En los ojos vivos como ascuas de la Tarasca sólo había resignación. Hizo un supremo esfuerzo, cerró los ojos y terminó de sacar la cabeza arrancándose en el esfuerzo las escamas de las resecas y huesudas mejillas. El pescuezo largo y poderoso brotó tras la cabeza tan largo como los brazos extendidos de un hombre. Lucas saltó hacia atrás esquivando la primera dentellada y la puñalada venenosa de su lengua bífida, al tiempo que atacaba con la espada. El certero tajo decapitó al reptil antes de que pudiera liberar de la grieta el resto de su cuerpo. La cabeza quedó en el suelo de la gruta y el resto desprovisto de vida tiró del pescuezo cercenado y se precipitó nuevamente en las profundidades de la fosa ciega donde había permanecido durante un milenio.

—En esa cabeza, bajo la lengua, en la bolsa donde guarda el veneno, está la piedra Reluciente —había dicho Cantacuzanos.
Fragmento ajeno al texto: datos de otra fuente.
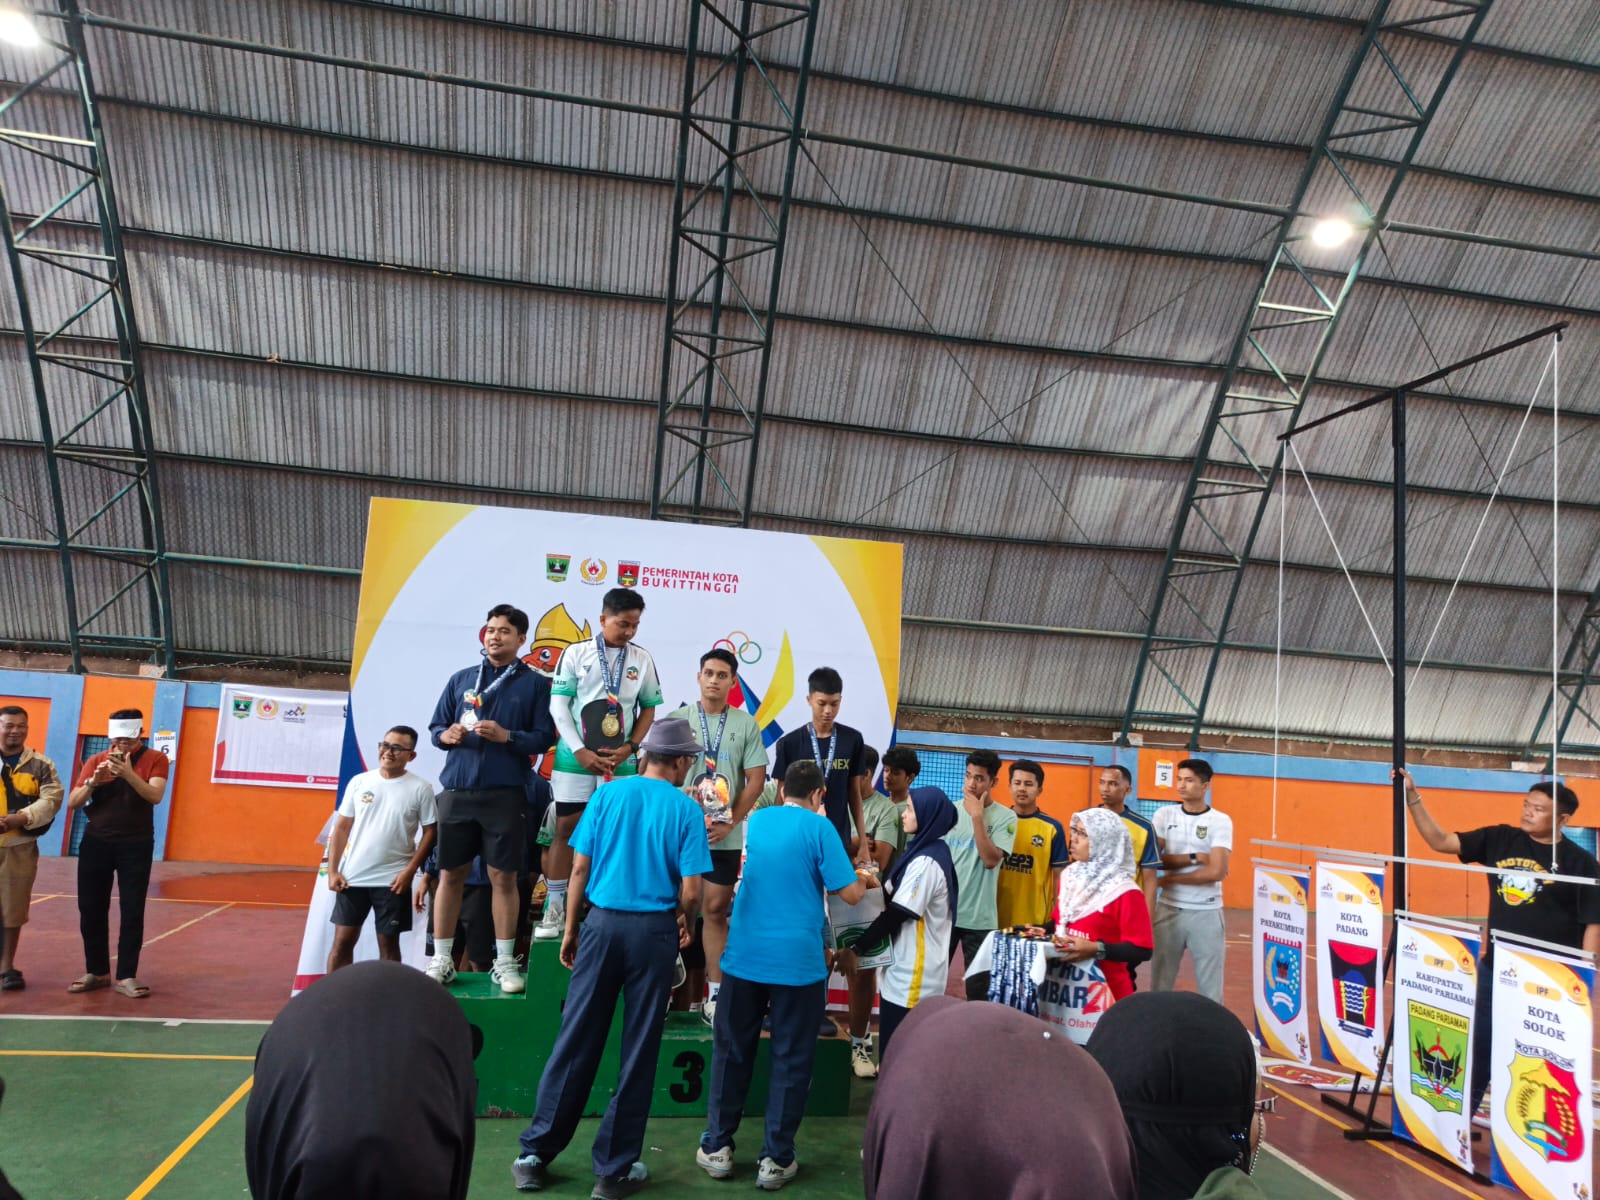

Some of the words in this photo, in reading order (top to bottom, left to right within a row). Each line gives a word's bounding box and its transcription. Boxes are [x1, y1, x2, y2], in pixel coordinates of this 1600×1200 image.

Lucas de Tarento reprimiendo las arcadas de asco que le producía aquella cabeza espantosa y la sangre maloliente que manaba del pescuezo, se dispuso a explorar la bolsa del veneno. En vano intentó separar las fuertes mandíbulas. La Tarasca había muerto apretando el receptáculo de su único tesoro.

Recurrió a la pata de cabra que todo lo abre, la extrajo de su zurrón y con ella forzó las mandíbulas del monstruo desencajándolas, luego metió la garra metálica bajo la lengua y removió la bolsa del veneno.

No encontró nada.

Volvió a intentarlo con más cuidado, más profundamente. Nada.

—Por un momento creí que la Tarasca acabaría contigo —le susurró el Misterio al oído—. ¿Qué haces ahora?

—Busco la piedra Reluciente.

—¿Por eso has matado a la pobre bicha?

—¿Por qué si no? —se impacientó el caballero—. ¿Qué crees, que ando por el mundo haciendo esto por deporte? Es que necesito esa jodida piedra.

—¡Alma de Dios, haber empezado por ahí y no habríamos tenido que montar todo este número! —le regañó el Misterio sin perder su tono tranquilo y susurrante—. ¿Crees que no tengo otra cosa que hacer que asistir a caballeros pirados que no se informan debidamente?

—¿De qué me hablas?

—La pobre Tasrasca no tiene ya la piedra Reluciente. Santa Marta se la arrebató.

—Entonces, ¿dónde demonios está la piedra?

—En Santa María del Mar, en la iglesia de las tres Marías, adornando la barca que hay sobre el altar mayor. Eso lo sabe todo el mundo; pero, como la piedra parece un guijarro normal y corriente sin valor, nadie la roba.